Despite my grumbles about the Hobbit being made into three films instead of one, we did go to see the first of the new trilogy today and enjoyed most of it. I'm assuming that readers of this blog will have read the book so can go on to say that the way they handled the troll scene really irritated me. The whole point of the scene in the book (about the use of wit instead of weapons) was sacrificed in favour of an all-out action sequence, seemingly created by nervous film executives for the attention-span-of-a-gnat generation.
My favourite scene? When Bilbo's hobbit hole was being slowly taken over by strangers and he was trying to make his fury known by repeatedly saying "I'm sorry". That clip should be shown as an instructional video to people emigrating to the United Kingdom.
(Part of the same kit should also be Watching the English, Notes from a Small Island and a towel).

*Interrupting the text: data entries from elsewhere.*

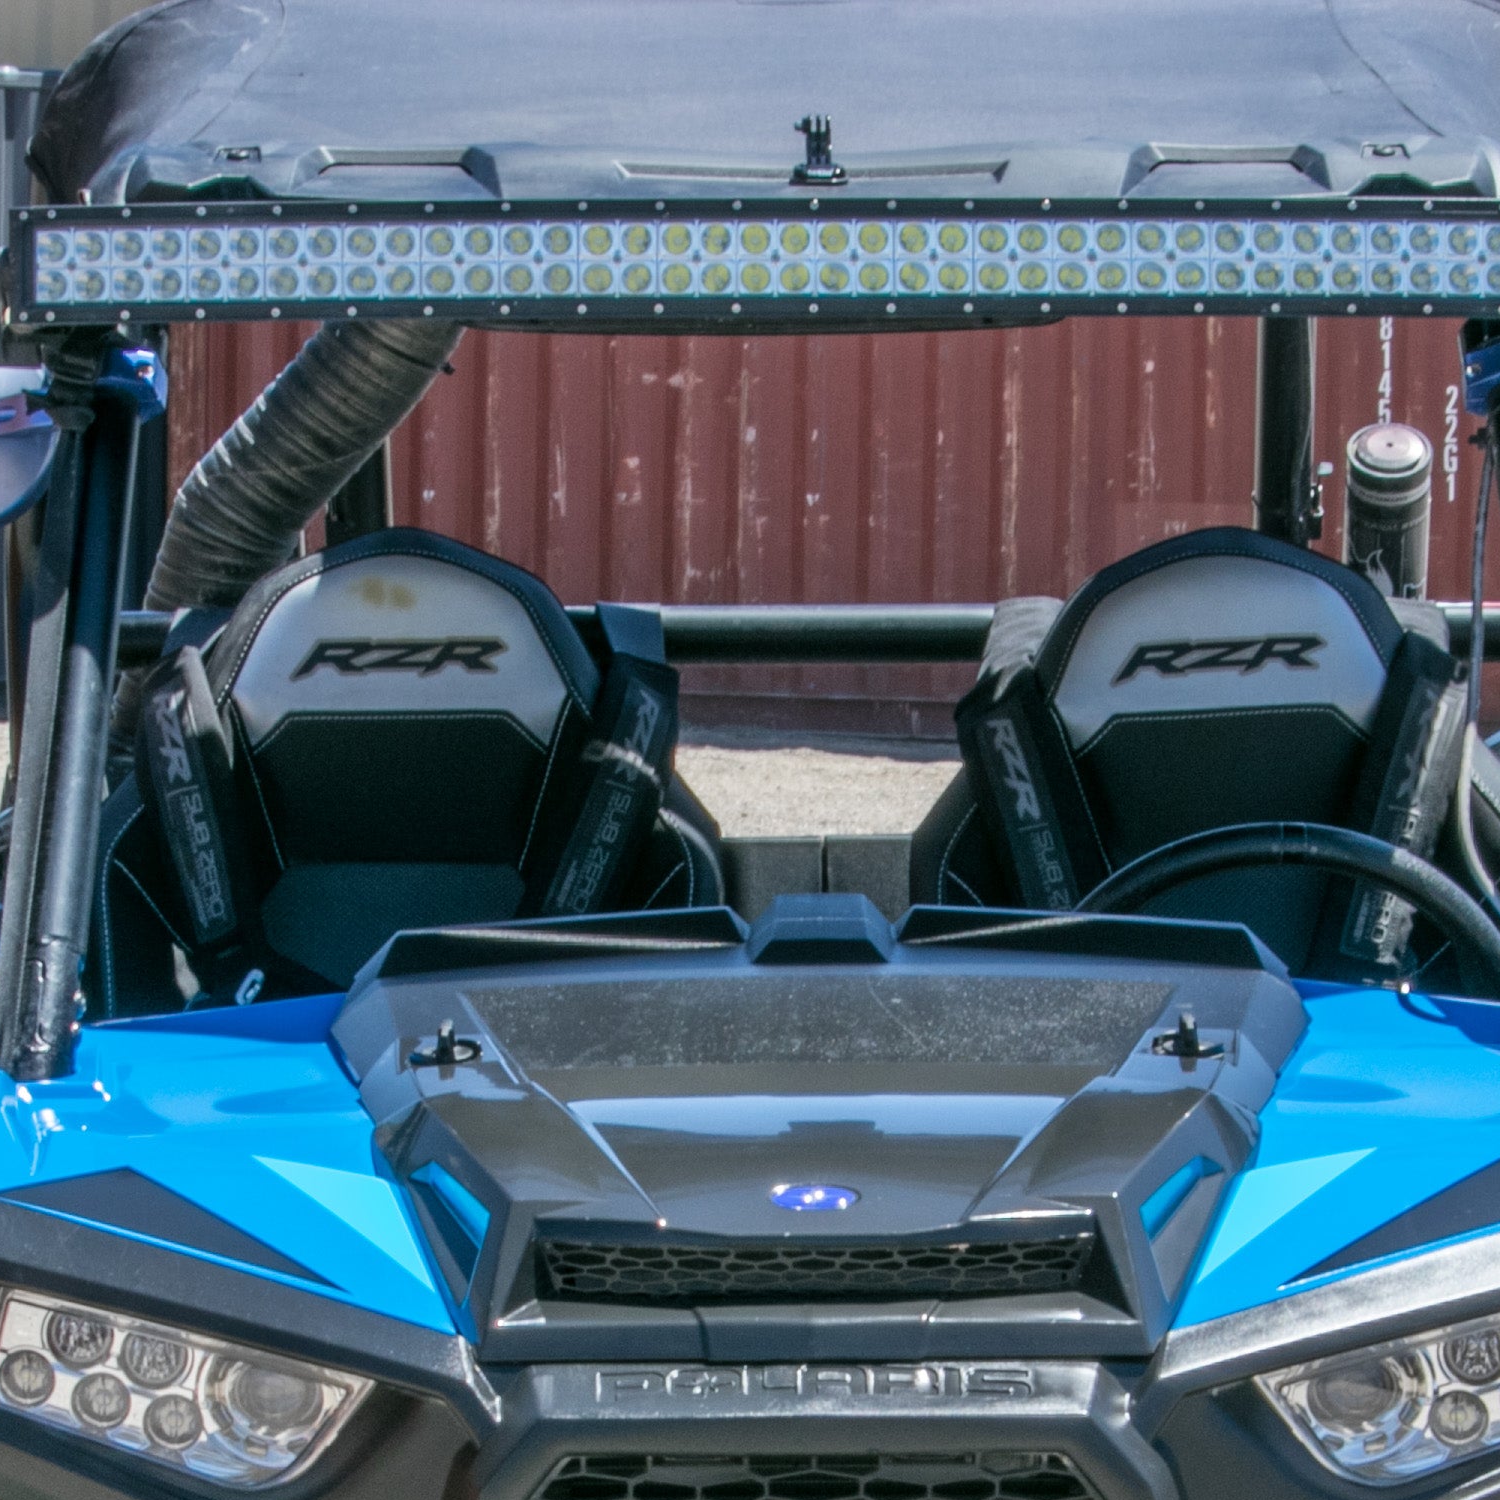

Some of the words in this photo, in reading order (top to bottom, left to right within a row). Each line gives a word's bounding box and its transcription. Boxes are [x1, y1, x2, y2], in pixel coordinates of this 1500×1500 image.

[1444, 385, 1458, 502] 22G1
[289, 636, 508, 682] RZR
[1110, 632, 1328, 688] RZR
[986, 718, 1042, 821] RZR
[601, 793, 633, 844] SUB
[198, 848, 225, 919] ZERO
[595, 1364, 1037, 1401] POLARIS
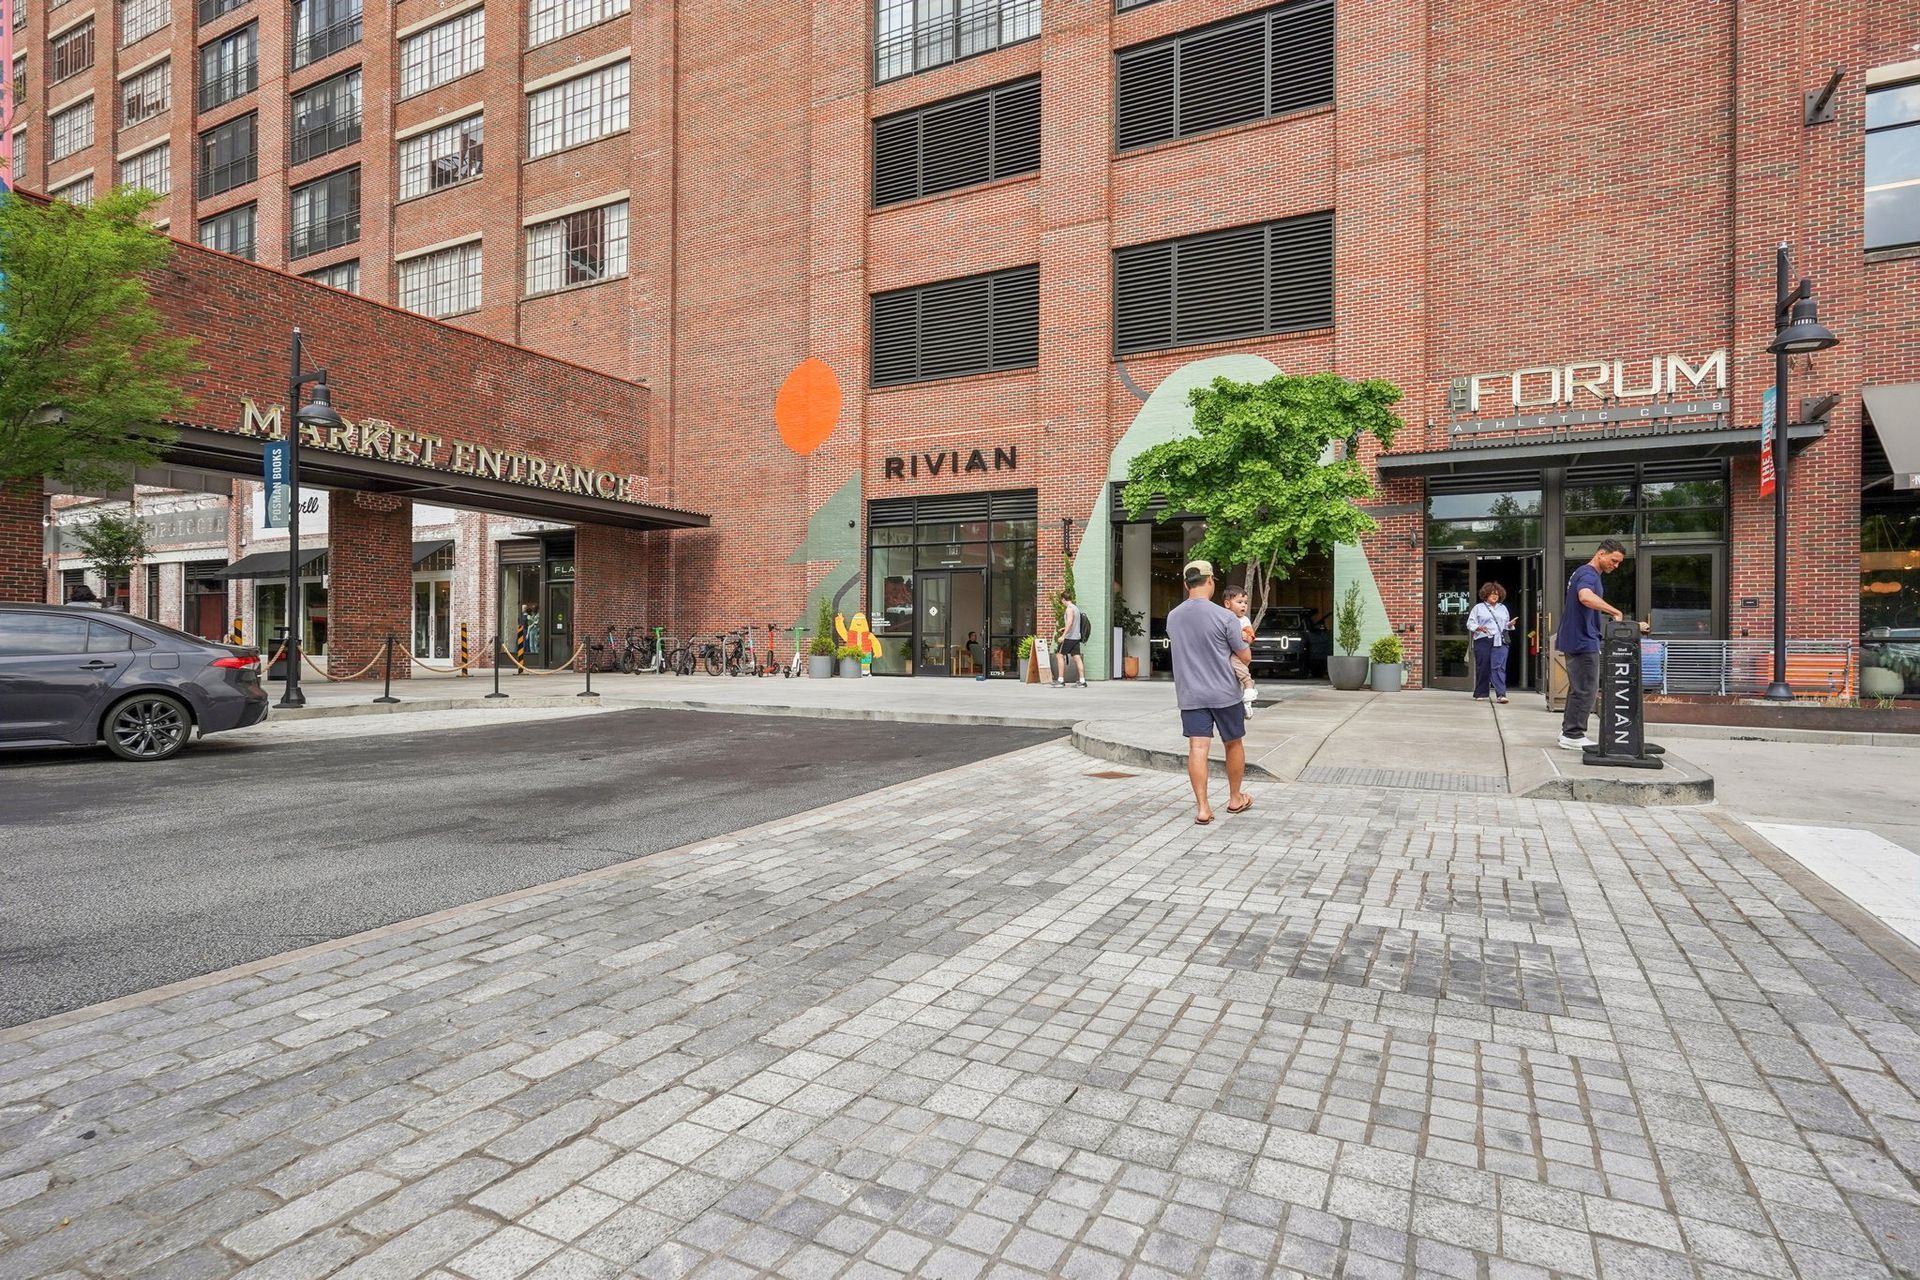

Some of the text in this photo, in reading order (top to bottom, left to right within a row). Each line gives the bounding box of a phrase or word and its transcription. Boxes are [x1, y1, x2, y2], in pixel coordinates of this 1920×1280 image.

In other news, Lucy Mangan's columns in the Guardian Weekend magazine are always good but today she really excelled herself with a well observed, poignant column about the luck of the draw:
I consider myself lucky. But, despite all their wealth and security, I suspect our political and business leaders never think that of themselves.Do they never have moments when the weight of their astonishing luck makes them buckle at the knees and fall to the ground in gratitude? I suppose not. It can only be by thinking yourself entirely responsible for your own fortune that you can think of all those who are poorer, less successful or less independent of the state as personally responsible for theirs. Thus they deserve punitive policies and sanctions designed to remedy their immorality and sloth. A moment's honest thought, that's all it takes. I wager that you'll agree, because I wager you have them yourself. It would take an inhuman, almost sociopathic degree of arrogance and lack of imagination not to.
I have often wondered whether most people born into exceptionally lucky circumstances or those who have had the fortune of an unusually lucky break ever stop to think about the ratio of luck versus their own efforts; whether they have narrated their situation internally so that they deserved it, were entitled to it and therefore feel arrogant and protective about it. Many people in positions of power, especially in politics and leadership roles tend to hold "lesser beings" in thinly veiled contempt. Things like the workfare scheme in the UK have, quite frankly, been a disgrace.
Adventures are not all pony-rides in May-sunshine.